\LaTeX{} for the web - Sensible web defaults

Published on Wednesday, January 1, 2014

\LaTeX for the web - Sensible web defaults

LaTeX is a great formatting language. For those of you who don't know it, it's a formatting language which is used for many technical papers and textbooks. It allows for typesetting mathematical equations perfectly but that's not why its so great.

There are two things that make LaTeX so great, the first is flexibility, the second is sensible defaults.


LaTeX allows you to completely customize the layout, controlling anything you want. You can customize within the document itself or by having a separate sheet for the styles. The web is similarly flexible, it allows you to use either inline CSS or have a separate stylesheet, and you can control mostly the same things.

The one thing LaTeX has that HTML is missing is the ability to create your own commands. This is what gives LaTeX it's true flexibility. As an example, you can define an environment that'll actually show whitespace as is, which is very handy, or you could create a set of commands to turn the document into a slideshow.

You can't really do this with the web. Sure you can fake it with divs with classes and JavaScript, but that creates hidious awful code (frameworks like EmberJS make your source code look quite awful, and editors don't play nice with things they do). Even if you do fake it with JavaScript, and you're okay with ugly HTML, you still use a dynamic language for static content. A good number of websites don't really do any dynamic work, and could go without JavaScript, but end up including it to get something like a nav bar or side bar to work like they want. It seems silly to have the browser to so much work for so little.

The biggest tragedy with the web solution is that it's almost as hard to learn or use as to write it yourself. Also the fact that its hard to do any sort of configuration means that libraries are often unable to be configured without diving into source code. This means there are thousands of libraries competing to do essentially the same thing. All of them are implemented slightly different too, so mixing and matching libraries is not fun. LaTeX on the other hand has very libraries that are easily configured and easy to use.
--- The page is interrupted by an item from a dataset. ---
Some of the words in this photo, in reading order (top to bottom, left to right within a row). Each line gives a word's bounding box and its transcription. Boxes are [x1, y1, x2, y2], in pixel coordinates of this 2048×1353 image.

Speaking practically, it is pretty much a requirement to know JavaScript to build beautiful sites, whereas I barely know anything about creating LaTeX elements (I can define simple macros that's about it) and I'm able to create absolutely gorgeous LaTeX documents with all kinds of bells and whistles.

The web unfortunately evolved instead of being planned, which means we're stuck with abusing languages for things they weren't designed for. HTML used to do all the basic structural elements, nowadays you need to import JavaScript to do anything. We rely on JQuery for features that should've be standardized and use classes for elements that we should be able to create.

Sensible defaults

The other major feature LaTeX has over the web is sensible defaults. If you create a bare bones LaTeX document with just the content (no styling), it'll already look gorgeous, and you'll actually pretty much be done. If you created a bare bones HTML page it'll look like [this](http://mother ducking website.com) (warning language). HTML without CSS frankly looks like crap and no respectable web developer would ever have a website with no CSS.
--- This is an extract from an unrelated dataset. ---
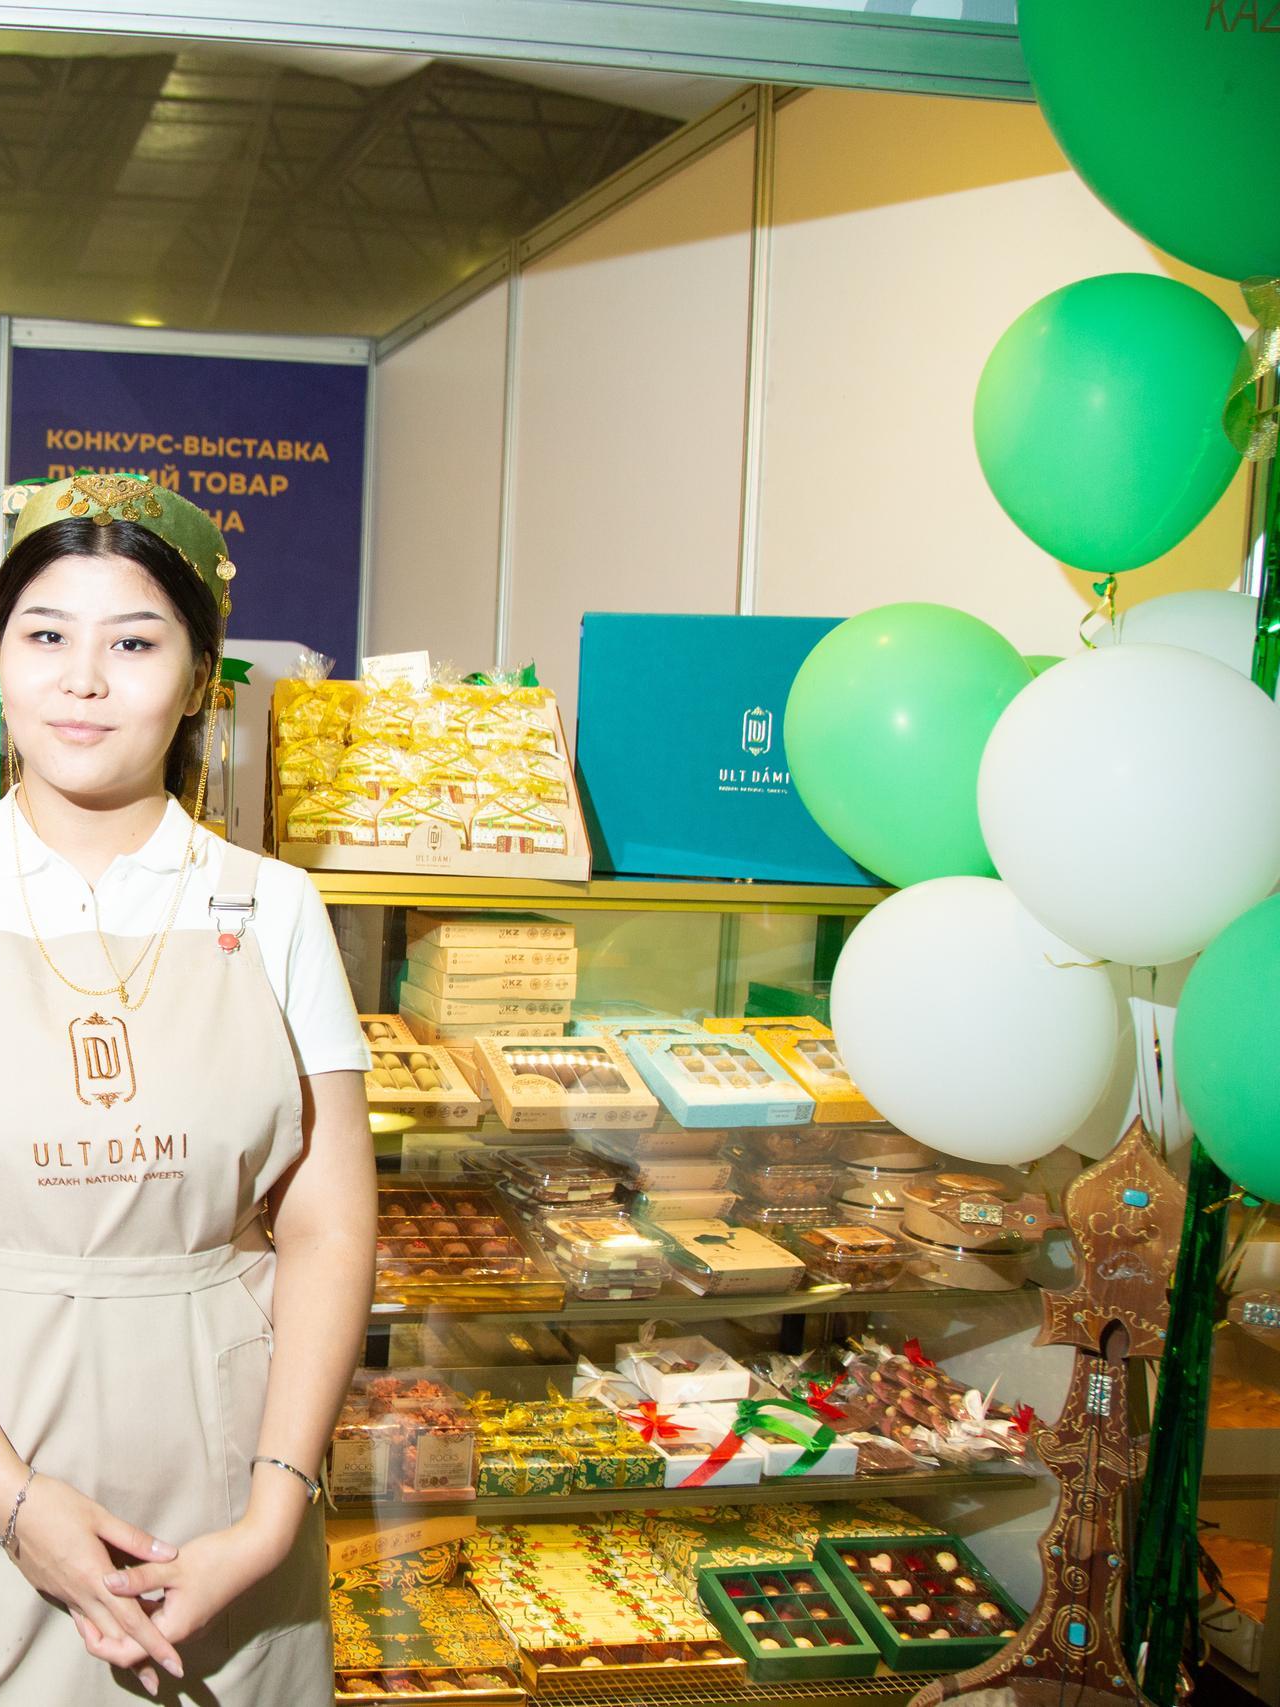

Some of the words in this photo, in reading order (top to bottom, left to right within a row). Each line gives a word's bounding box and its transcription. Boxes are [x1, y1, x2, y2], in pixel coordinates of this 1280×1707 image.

About 90% of my LaTeX documents require no styling, just semantic markup, and the default processor does an amazing job of making it look gorgeous. It has years of research into making readable, usable documents. In fact doing your own styling is discouraged.

The other few times all I do is import a style file and maybe pass a few configuration arguments in.

It saddens me to think of how many developers have wasted so much time recreating a basic look, or designing layouts for such basic concepts (nav bars, footers, titles require a great deal of styling, but everyone has them, and most are very similar).

The requirement for every site to use CSS combined with a war to have flashier and flashier sites mean that a web user needs to learn hundreds of interfaces to function in their web browsing. Wouldn't it be great if there were only a few, and user's already knew how to navigate a new site? Any writer who uses LaTeX can automatically identify when it is used, and knows exactly how it works.

Not having sensible defaults means we need to do so much work, and waste so much time, just to get a usable site. Creating beautiful sites should be as easy as it is with LaTeX.

So what?

Is there a point to this rant about how awesome Donald Knuth is and how he should've designed HTML?

Well my hope is that eventually a CSS library will be created that'll be so easy to use, and create such sensible, beautiful defaults that it'll just be default in every developers toolkit. It'll be auto-included in your generated template, and will be understood and praised by all. There are a few frameworks out there that may be candidates but a lot try to be flashy instead of just providing sensible, usable defaults. purecss is along the right track but the customizing is still not fun (you shouldn't have to recreate an entire style sheet just to select which colours you want). This is of course a limitation of CSS (no variables and no conditionals), but maybe CSS will grow more powerful in the future.

I would also hope that creating new HTML elements might become a thing, and will be as easy to use as LaTeX elements.

I dream of a day where I can write HTML quickly, and throw up a webpage without it looking like crap. I hope I may see this day soon. (maybe HTML6 or CSS4?).